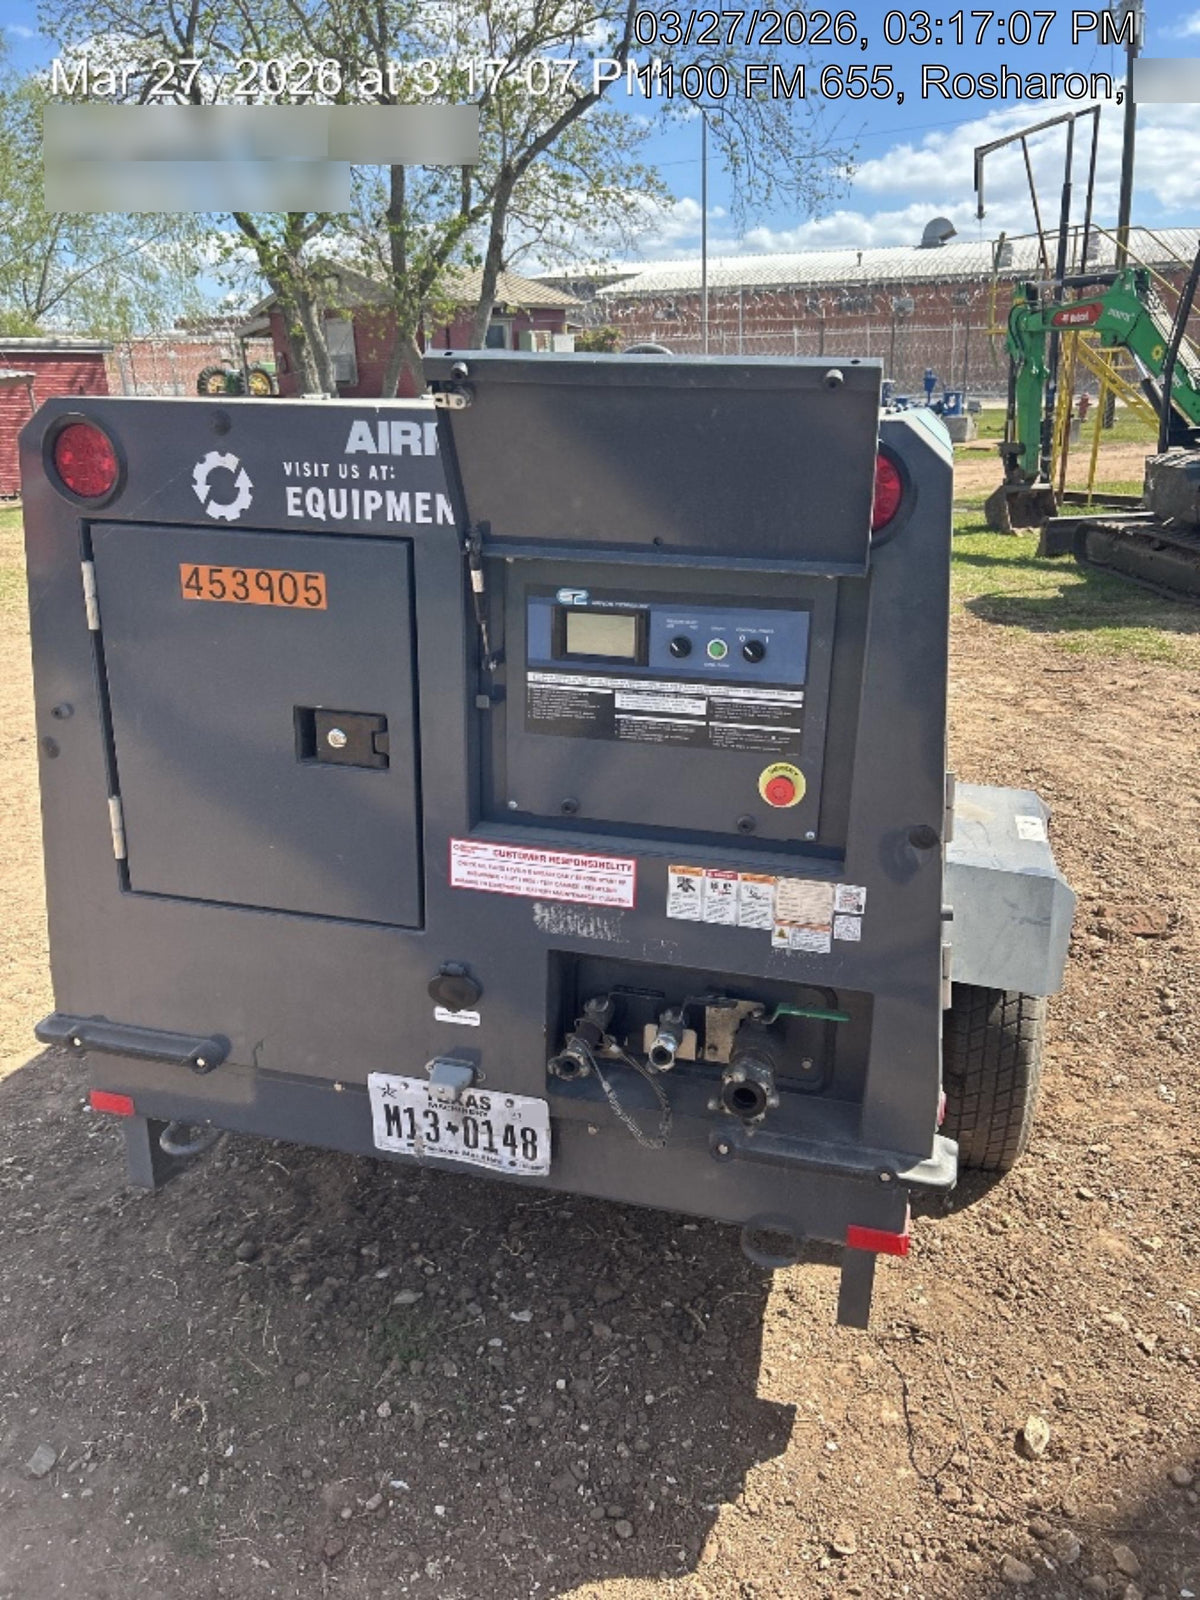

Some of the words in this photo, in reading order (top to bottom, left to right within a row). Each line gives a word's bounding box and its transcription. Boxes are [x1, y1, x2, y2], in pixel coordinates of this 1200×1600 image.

[283, 461, 329, 478] VISIT
[338, 464, 360, 480] US
[368, 465, 396, 481] AT:
[286, 486, 455, 525] EQUIPMEN
[184, 566, 323, 607] 453905
[492, 848, 548, 864] CUSTOMER
[548, 855, 632, 872] RESPONSIBILITY
□ □ □ □ □
» ASSIGNMENT
Write the data above out again exactly, every line of it, and exclude the pictures.

» RESULT BELOW
Some of the words in this photo, in reading order (top to bottom, left to right within a row). Each line gives a word's bounding box and its transcription. Boxes are [x1, y1, x2, y2], in pixel coordinates of this 1200×1600 image.

[283, 461, 329, 478] VISIT
[338, 464, 360, 480] US
[368, 465, 396, 481] AT:
[286, 486, 455, 525] EQUIPMEN
[184, 566, 323, 607] 453905
[492, 848, 548, 864] CUSTOMER
[548, 855, 632, 872] RESPONSIBILITY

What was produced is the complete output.